Without including any pictures, return the records below exactly as written.

=== Section Start ===

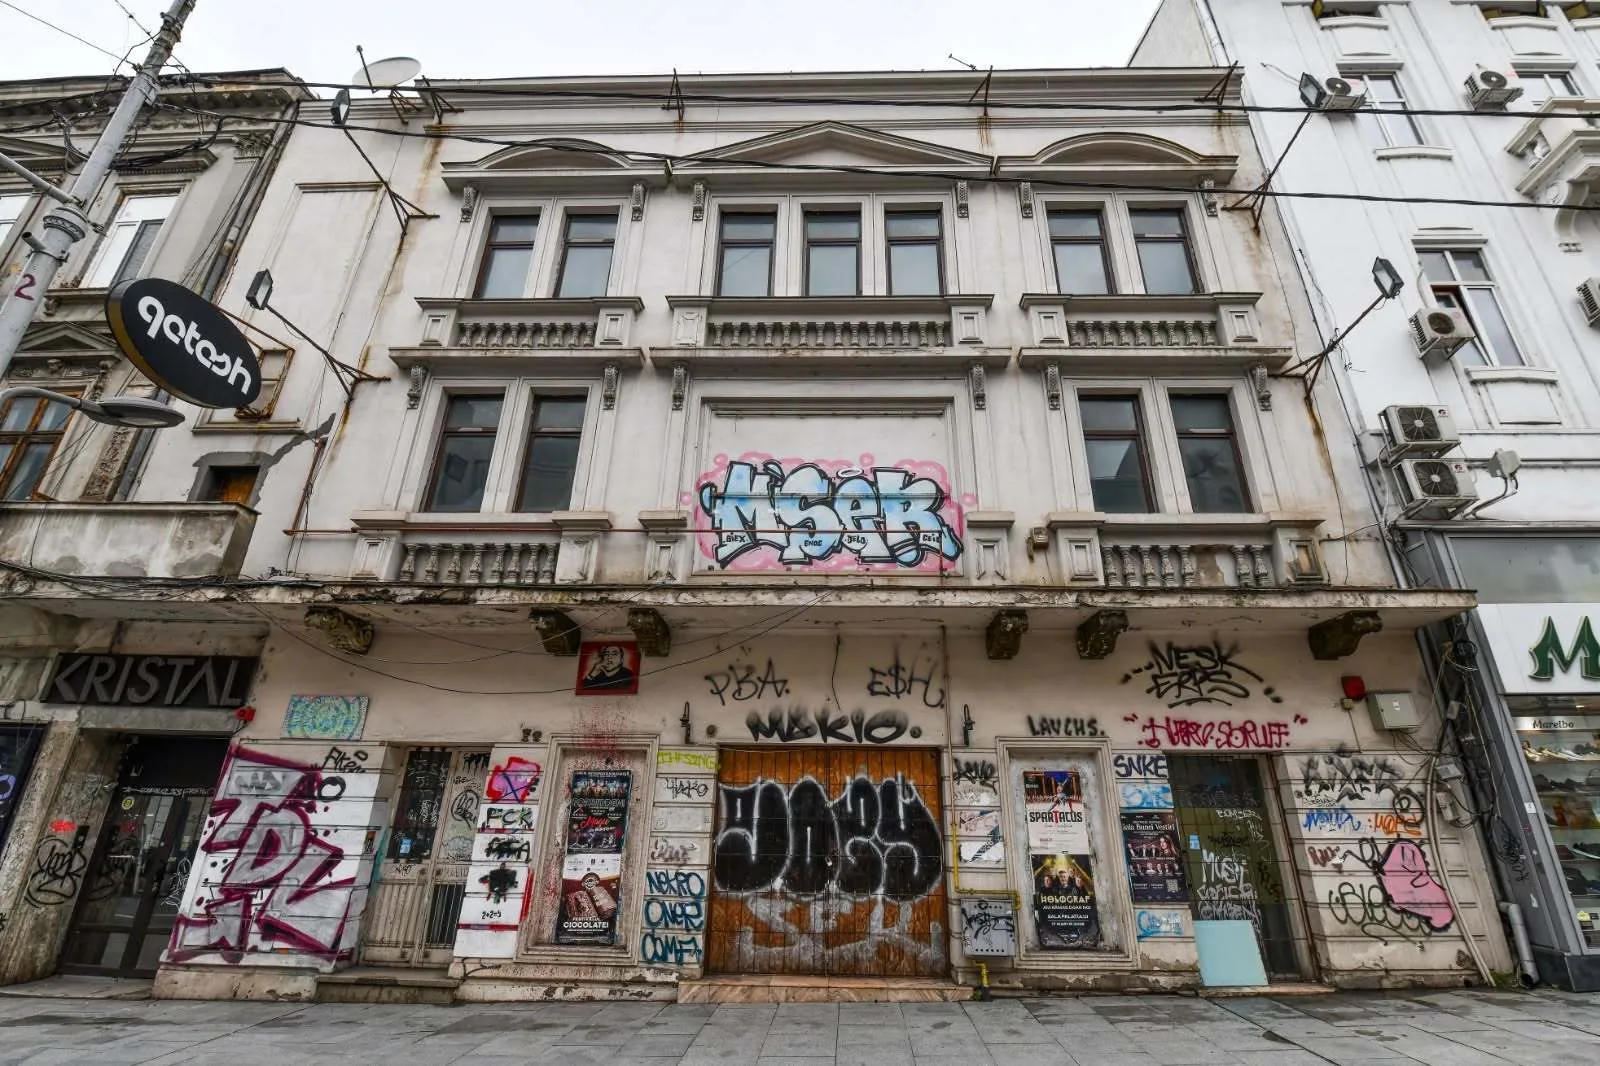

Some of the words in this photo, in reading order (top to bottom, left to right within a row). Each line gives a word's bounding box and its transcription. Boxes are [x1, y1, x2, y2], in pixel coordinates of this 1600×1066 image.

[14, 273, 37, 301] 2
[53, 656, 243, 706] KRISTAL
[1113, 754, 1169, 778] SNKE
[1029, 810, 1083, 824] SPARTACUS
[563, 920, 609, 929] CIOCOLATEI
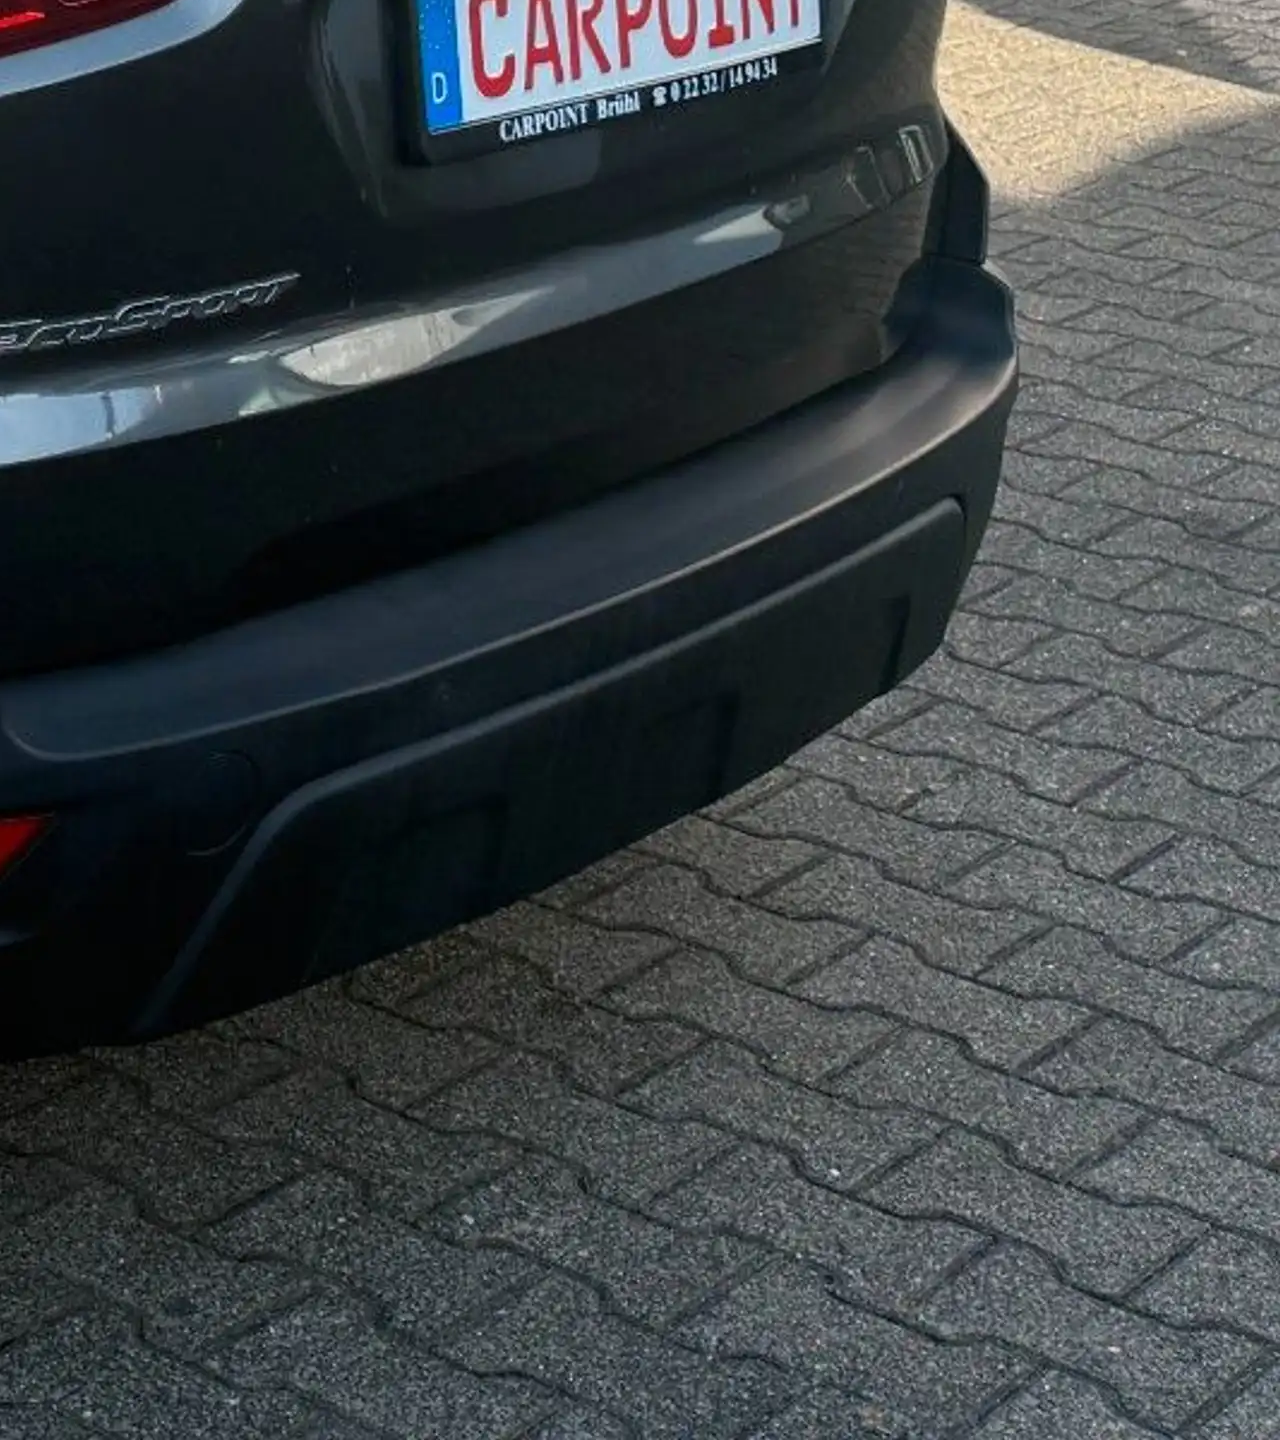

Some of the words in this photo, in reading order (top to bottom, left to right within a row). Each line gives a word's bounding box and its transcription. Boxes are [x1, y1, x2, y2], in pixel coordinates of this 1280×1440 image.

[431, 72, 449, 104] D
[499, 103, 590, 142] CARPOINT
[597, 92, 640, 119] Brühl
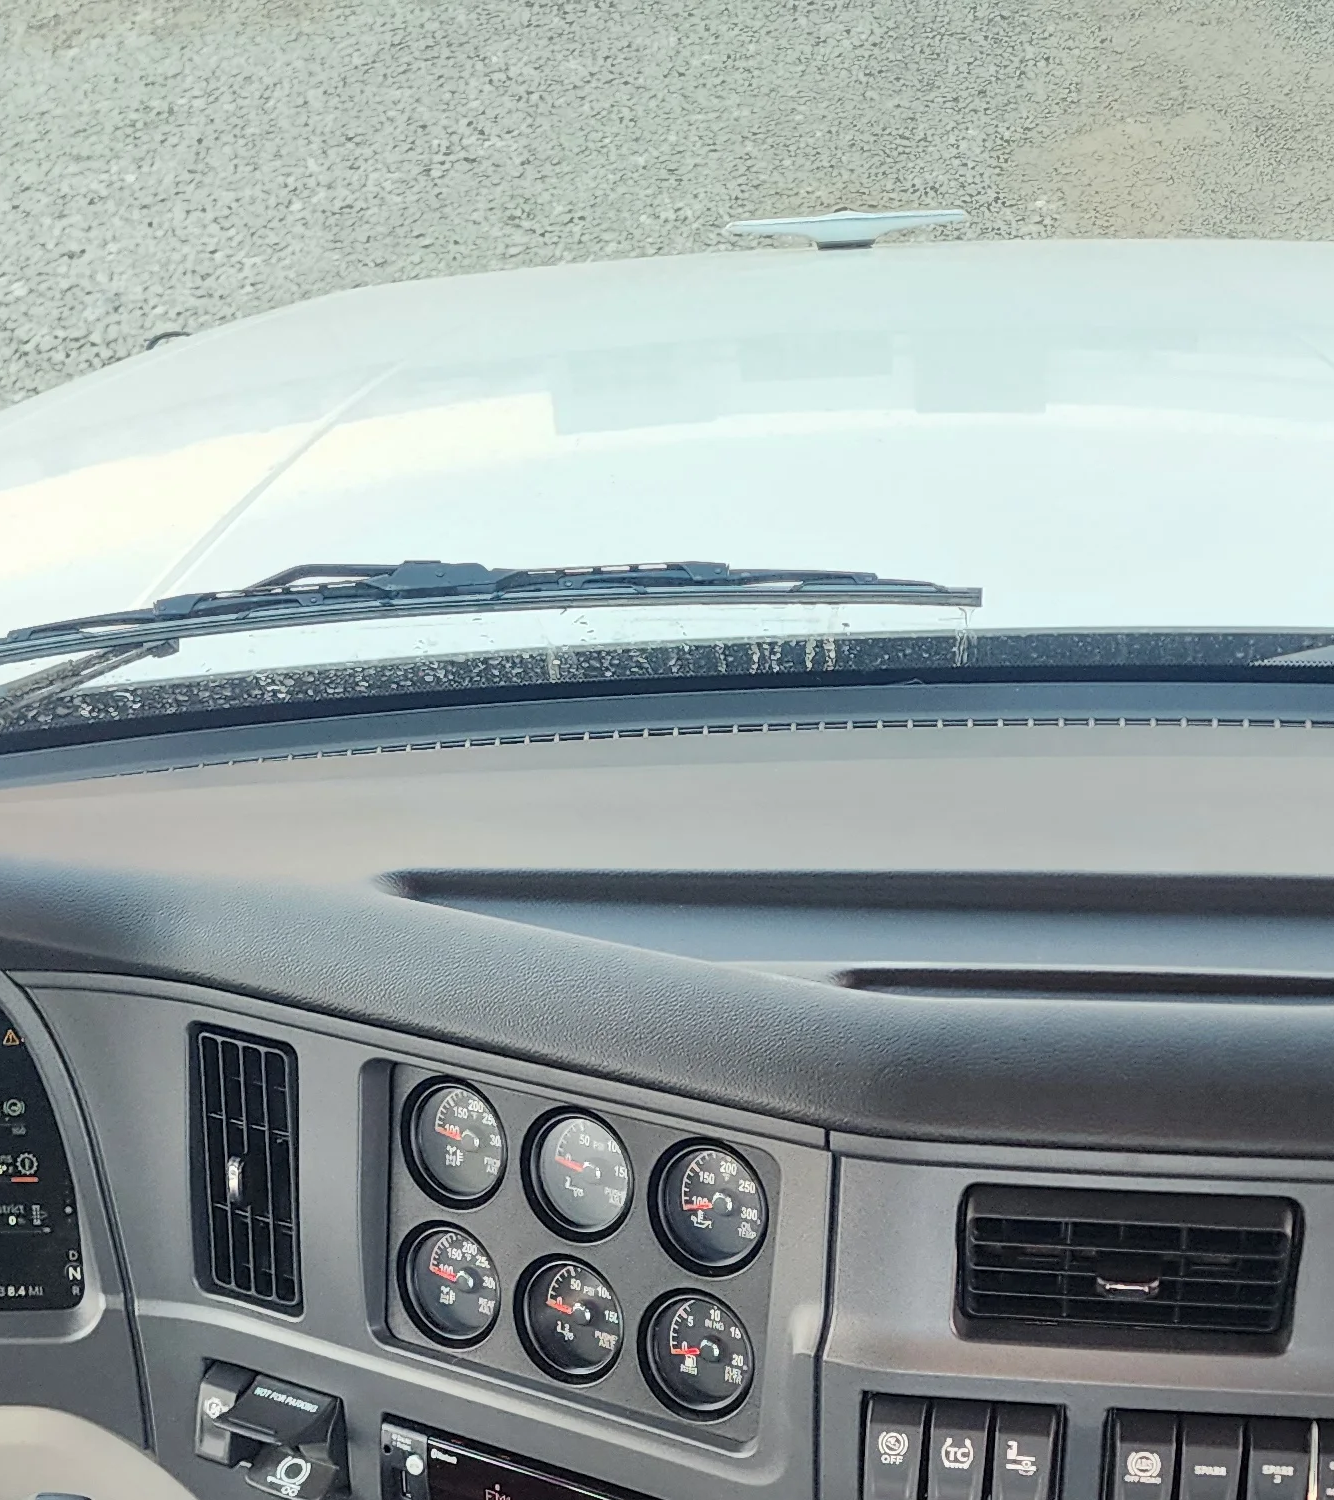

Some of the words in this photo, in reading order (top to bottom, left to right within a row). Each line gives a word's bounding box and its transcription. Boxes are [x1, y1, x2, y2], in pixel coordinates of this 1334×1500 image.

[453, 1106, 468, 1118] 150
[468, 1100, 484, 1112] 200
[579, 1134, 590, 1146] 50
[720, 1161, 737, 1175] 200
[699, 1171, 715, 1184] 150
[738, 1180, 755, 1193] 250
[741, 1207, 758, 1220] 300
[447, 1248, 462, 1261] 150
[462, 1241, 478, 1255] 200
[68, 1267, 82, 1281] N
[570, 1278, 582, 1291] 50
[687, 1316, 694, 1327] 5
[709, 1309, 721, 1321] 10
[732, 1353, 744, 1367] 20
[269, 1392, 287, 1403] FOR
[880, 1454, 903, 1465] OFF
[946, 1447, 969, 1462] TC
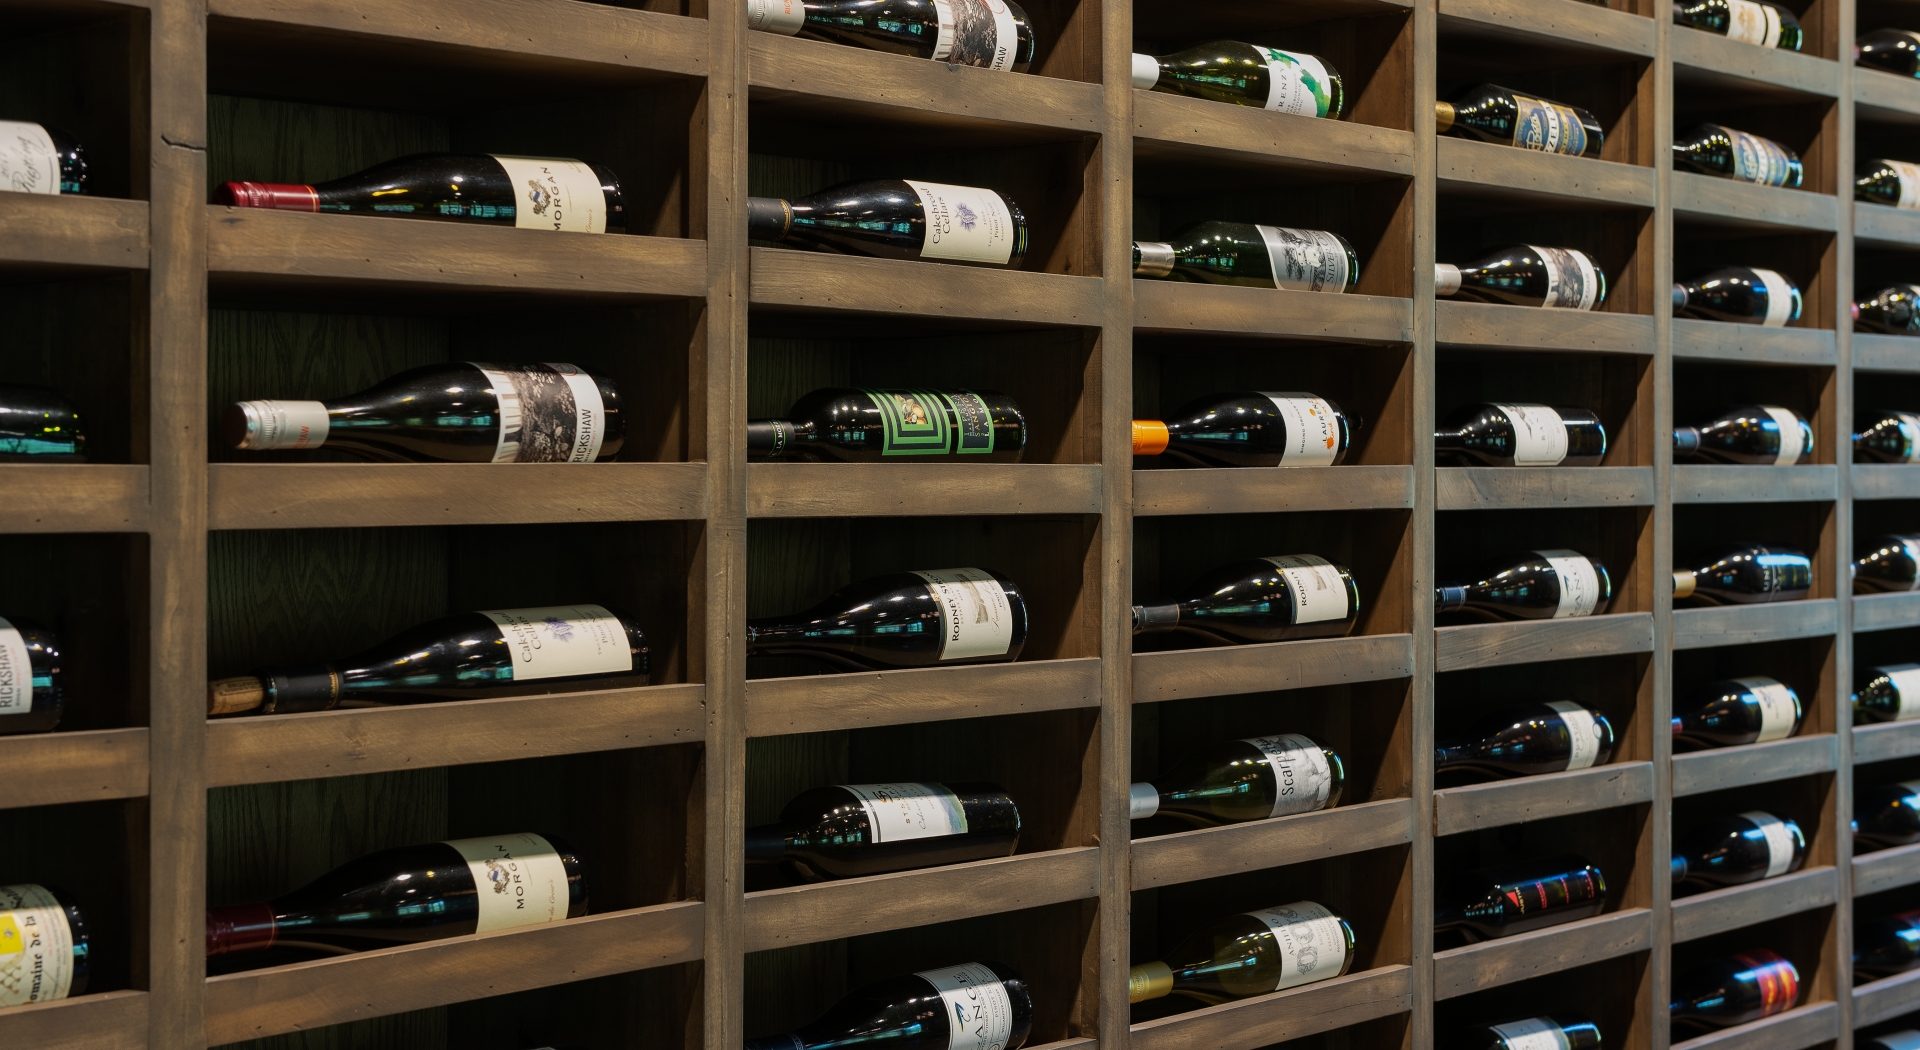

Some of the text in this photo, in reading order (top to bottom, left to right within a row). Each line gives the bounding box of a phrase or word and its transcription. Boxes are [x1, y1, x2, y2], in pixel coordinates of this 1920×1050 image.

=== Section End ===

**TASK OUTPUT**:
Some of the words in this photo, in reading order (top to bottom, left to right within a row). Each line gives a word's bounding box and its transcription. Boxes are [x1, y1, x2, y2], in pixel coordinates of this 1600×1066 image.

[14, 273, 37, 301] 2
[53, 656, 243, 706] KRISTAL
[1113, 754, 1169, 778] SNKE
[1029, 810, 1083, 824] SPARTACUS
[563, 920, 609, 929] CIOCOLATEI

Some of the words in this photo, in reading order (top to bottom, left to right within a row). Each line gives a word's bounding box and its transcription. Boxes are [x1, y1, x2, y2], in pixel coordinates of this 1280×1440 image.

[431, 72, 449, 104] D
[499, 103, 590, 142] CARPOINT
[597, 92, 640, 119] Brühl

Some of the words in this photo, in reading order (top to bottom, left to right within a row). Each line gives a word's bounding box and its transcription. Boxes are [x1, y1, x2, y2], in pixel coordinates of this 1334×1500 image.

[453, 1106, 468, 1118] 150
[468, 1100, 484, 1112] 200
[579, 1134, 590, 1146] 50
[720, 1161, 737, 1175] 200
[699, 1171, 715, 1184] 150
[738, 1180, 755, 1193] 250
[741, 1207, 758, 1220] 300
[447, 1248, 462, 1261] 150
[462, 1241, 478, 1255] 200
[68, 1267, 82, 1281] N
[570, 1278, 582, 1291] 50
[687, 1316, 694, 1327] 5
[709, 1309, 721, 1321] 10
[732, 1353, 744, 1367] 20
[269, 1392, 287, 1403] FOR
[880, 1454, 903, 1465] OFF
[946, 1447, 969, 1462] TC

Some of the text in this photo, in reading order (top to bottom, left to right within a row). Each line gives the bounding box of a phrase or word and its transcription. Boxes are [x1, y1, x2, y2], in pixel coordinates of this 1920×1050 image.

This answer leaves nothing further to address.